Land and agrarian policy in colonial Zimbabwe: Re-ordering of African society and development in Sanyati, 1950-1966
Keywords:
Rhodesdale, Crown Land, Sanyati, forced evictions, migration, land resettlement, madiro, socio-economic differentiationAbstract
In 1950, Africans residing on the Rhodesdale Estate were forcibly evicted from designated Crown Land under the Native Land Husbandry Act by the Rhodesian state and were resettled in the Sanyati communal lands, then known as "native reserves". Eviction and resettlement were part of the re-ordering of African agricultural settlement and development to pave the way for white settler farmers in the Rhodesdale Estate following white migration to Rhodesia in the aftermath of the First World War. This reorganisation was premised on modernisation theory.
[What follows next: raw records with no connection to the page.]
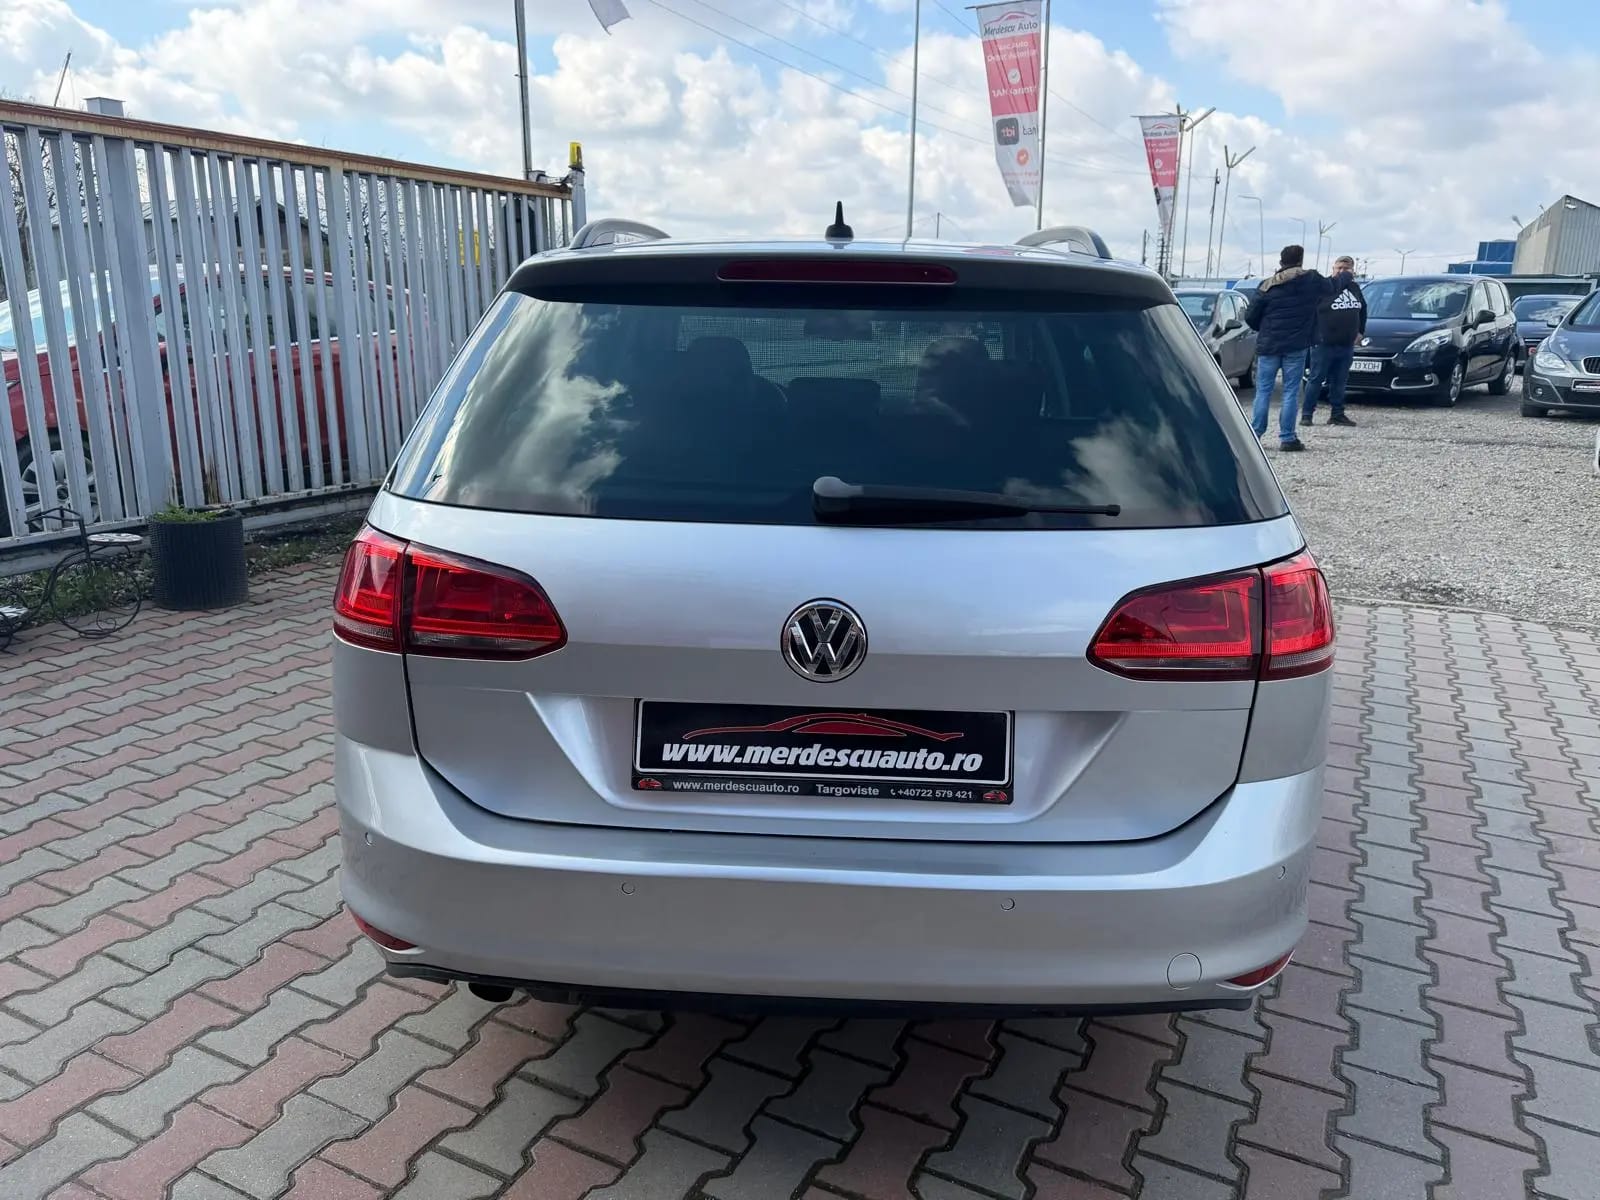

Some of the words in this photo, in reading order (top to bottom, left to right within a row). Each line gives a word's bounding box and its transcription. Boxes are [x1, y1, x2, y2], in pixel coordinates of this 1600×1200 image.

[1018, 22, 1038, 31] Auto
[662, 742, 983, 772] www.merdescuauto.ro
[673, 781, 800, 793] www.merdescuauto.ro
[816, 784, 880, 796] Targoviste
[897, 788, 933, 797] +40722
[935, 789, 953, 798] 579
[955, 790, 973, 799] 421
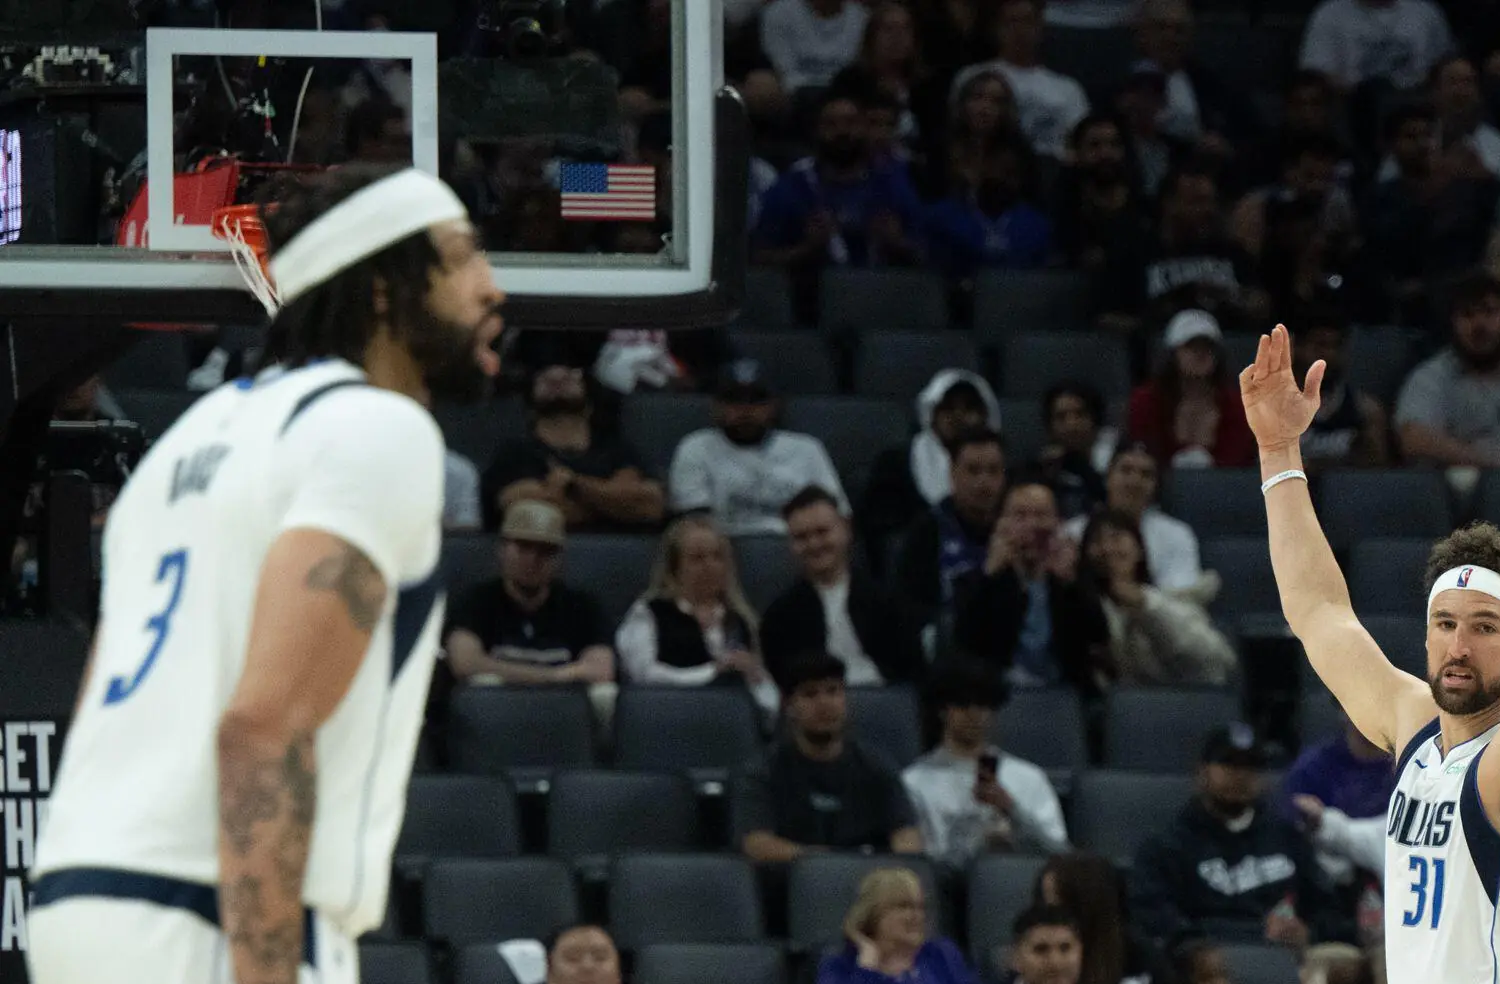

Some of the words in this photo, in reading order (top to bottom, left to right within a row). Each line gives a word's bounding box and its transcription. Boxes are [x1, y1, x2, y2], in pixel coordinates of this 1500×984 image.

[103, 548, 188, 706] 3
[0, 721, 55, 792] ET
[1402, 854, 1446, 930] 31
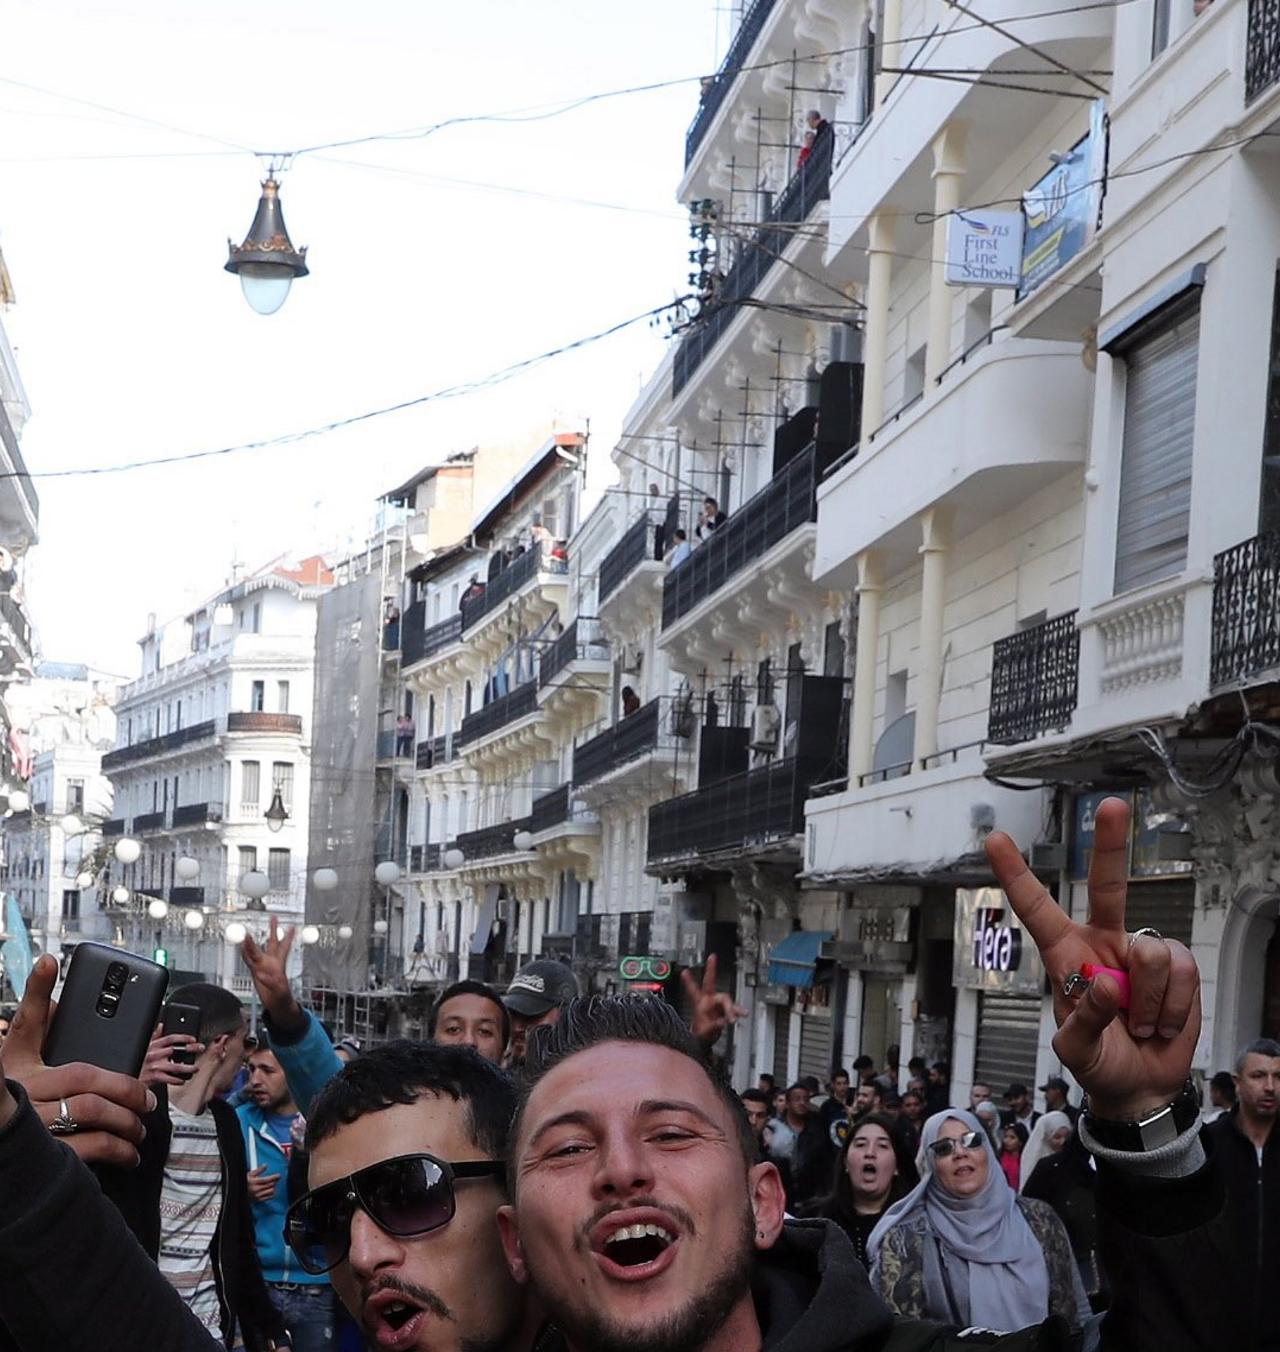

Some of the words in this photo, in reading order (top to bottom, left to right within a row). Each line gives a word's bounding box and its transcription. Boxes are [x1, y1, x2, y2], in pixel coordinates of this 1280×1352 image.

[964, 234, 998, 251] First
[964, 250, 998, 265] Line
[962, 264, 1014, 281] School
This article challenges the white-dominated state's notion of modernisation by arguing that far from uplifting the lives of rural Africans, the state, using its racially-oriented legislative machinery, was not altruistic but aimed to turn Rhodesia into a "white man's country" intolerant of African economic competition. Discriminatory legislation led to scuttling socio-economic differentiation and obstructing the emergence of an entrepreneurial class in Sanyati. By investigating the evictions and resettlement of people from 1950 to 1966, this article argues that alongside the grand theme of separate development adopted by the Rhodesian settler state, there was an equally significant theme of African economic struggle to resist their marginalisation and impoverishment. The article provides historical data on livelihoods, migration and the impact of legislation, and demonstrates that colonial legislation in Southern Rhodesia stimulated the white-dominated economy through state support. It further argues that the intersection between state-promoted agricultural development, land allocation and the legislative requirements directing or prescribing standards for the separate development of Africans and whites, not only illustrates the generic growth of Sanyati, but also the historic evolution of a largely cotton-based economy which stimulated significant forms of rural differentiation in this region.